Cooperative Extension Fact Sheet FS1218  |  December 2013

Photo depicting Rain Barrels Part IV: Testing and Applying Harvested Water to Irrigate a Vegetable Garden

Rain Barrels Part IV: Testing and Applying Harvested Water to Irrigate a Vegetable Garden

  • Michele Bakacs, Environmental and Resource Management Agent, Middlesex and Union Counties
  • Michael Haberland, Environmental and Resource Management Agent, Burlington and Camden Counties
  • Steve Yergeau, Senior Program Coordinator, Rutgers Cooperative Extension Water Resources Program

Summer months are the time of year when having a rain barrel can really be useful. Heavy thunderstorms fill up rain barrels quickly, storing water for hot, dry days when there is no rain in sight. Rain barrel water is usually soft, meaning free of dissolved minerals and slightly acidic which is excellent for nutrient uptake by plants.

One of the most common questions asked about rain barrels is whether water harvested from a rooftop is safe to use on a vegetable/herb garden. Limited studies have been conducted focusing on the safety of roof runoff for vegetable garden irrigation. Gardeners often collect water in a rain barrel with little to no protection from the roof 's “first flush” of runoff. The first flush water is the initial rainwater that drains off an impervious surface, such as a driveway, parking lot, or roof and has been shown to have the highest levels of contaminants. Larger rain water collection systems (cisterns) that collect hundreds or thousands of gallons of water are normally installed with a first flush diverter which reroutes the first few gallons of rainwater away from the storage container. Rain barrels are often not installed with this feature.

Research has shown that roof runoff can have high levels of pathogens, zinc (Zn), lead (Pb), and polycyclic aromatic hydrocarbons (PAHs) (Bannerman et al., 1993; Clark et al., 2008; DeBusk, 2009; Van Metre and Mahler, 2003; Gikas et al., 2012). These metals and compounds may be hazardous to human health if ingested in specific concentrations. The question is whether these levels are high enough to be of concern for a backyard or community gardener who uses a rain barrel to water a garden grown for consumption.

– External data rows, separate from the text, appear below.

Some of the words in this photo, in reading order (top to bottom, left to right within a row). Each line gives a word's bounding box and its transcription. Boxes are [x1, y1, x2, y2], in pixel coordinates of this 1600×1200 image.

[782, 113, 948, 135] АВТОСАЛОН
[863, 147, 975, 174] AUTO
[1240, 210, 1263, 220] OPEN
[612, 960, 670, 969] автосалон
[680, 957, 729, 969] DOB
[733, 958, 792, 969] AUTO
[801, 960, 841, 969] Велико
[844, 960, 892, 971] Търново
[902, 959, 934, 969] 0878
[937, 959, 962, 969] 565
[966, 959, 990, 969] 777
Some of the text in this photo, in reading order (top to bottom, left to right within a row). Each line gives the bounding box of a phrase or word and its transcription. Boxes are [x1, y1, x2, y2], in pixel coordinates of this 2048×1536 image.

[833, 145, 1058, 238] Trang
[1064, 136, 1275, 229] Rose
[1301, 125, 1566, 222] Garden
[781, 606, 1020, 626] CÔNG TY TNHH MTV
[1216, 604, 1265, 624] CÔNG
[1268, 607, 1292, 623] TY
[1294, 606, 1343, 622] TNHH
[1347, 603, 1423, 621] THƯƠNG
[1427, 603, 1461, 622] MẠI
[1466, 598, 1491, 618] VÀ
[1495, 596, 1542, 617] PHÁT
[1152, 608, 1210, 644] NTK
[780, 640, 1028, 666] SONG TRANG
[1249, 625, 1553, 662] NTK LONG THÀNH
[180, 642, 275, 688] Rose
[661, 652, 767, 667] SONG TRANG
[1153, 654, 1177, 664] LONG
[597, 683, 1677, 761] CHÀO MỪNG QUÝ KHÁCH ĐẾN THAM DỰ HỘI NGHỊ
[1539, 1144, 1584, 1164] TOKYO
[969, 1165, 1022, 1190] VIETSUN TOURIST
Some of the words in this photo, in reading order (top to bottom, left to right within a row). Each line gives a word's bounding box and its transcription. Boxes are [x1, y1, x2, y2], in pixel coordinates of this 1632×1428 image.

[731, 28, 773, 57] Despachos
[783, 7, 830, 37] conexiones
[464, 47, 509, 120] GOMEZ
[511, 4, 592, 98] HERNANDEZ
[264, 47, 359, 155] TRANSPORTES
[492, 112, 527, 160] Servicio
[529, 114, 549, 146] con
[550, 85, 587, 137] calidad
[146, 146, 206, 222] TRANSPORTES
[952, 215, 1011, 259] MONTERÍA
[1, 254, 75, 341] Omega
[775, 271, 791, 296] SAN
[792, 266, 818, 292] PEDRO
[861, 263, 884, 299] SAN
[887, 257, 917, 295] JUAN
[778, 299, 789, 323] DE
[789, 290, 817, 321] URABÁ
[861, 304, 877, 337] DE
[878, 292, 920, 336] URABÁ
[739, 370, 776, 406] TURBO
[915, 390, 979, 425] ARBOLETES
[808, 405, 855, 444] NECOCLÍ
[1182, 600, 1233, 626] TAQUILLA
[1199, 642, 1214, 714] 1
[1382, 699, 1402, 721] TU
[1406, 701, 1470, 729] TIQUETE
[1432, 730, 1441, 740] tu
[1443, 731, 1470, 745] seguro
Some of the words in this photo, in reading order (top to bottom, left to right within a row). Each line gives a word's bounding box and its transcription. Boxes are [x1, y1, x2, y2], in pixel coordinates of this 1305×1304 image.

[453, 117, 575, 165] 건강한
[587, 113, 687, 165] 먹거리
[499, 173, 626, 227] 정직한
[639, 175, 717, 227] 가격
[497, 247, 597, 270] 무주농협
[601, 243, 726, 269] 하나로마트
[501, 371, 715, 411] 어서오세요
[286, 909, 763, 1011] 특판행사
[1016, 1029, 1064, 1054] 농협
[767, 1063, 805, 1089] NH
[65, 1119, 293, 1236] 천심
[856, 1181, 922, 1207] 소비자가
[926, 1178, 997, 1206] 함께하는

This fact sheet summarizes the findings of one New Jersey study investigating the water quality of rain barrel water (Haberland, Bakacs & Yergeau, 2013). In addition, recommendations are made for testing rain barrel water and how to safely utilize rain barrel water to irrigate a home, community, or school garden.

Water Quality Study

Twelve rain barrels were installed during the summer of 2011 on homes that have asphalt shingled roofs, the dominant roof surface on New Jersey houses. Six barrels were located in a suburban community and six in an urban community to help determine the effect of surrounding land use on rain barrel water quality. Samples were collected six times from each barrel over a four month period from July-October. Water samples were collected 3–7 days after a rain event in order to mimic the amount of time a homeowner or community gardener would wait before using the collected runoff. Samples were analyzed for PAHs, Pb, Zn, and total coliform and Escherichia coli (E. coli) bacteria. E. coli is a species of bacteria that is specific to fecal matter from warm-blooded animals such as squirrels and birds. The presence of E. coli indicates the potential presence of human pathogens (i.e., bacteria), and is important information if rain barrel water is used to water a vegetable garden.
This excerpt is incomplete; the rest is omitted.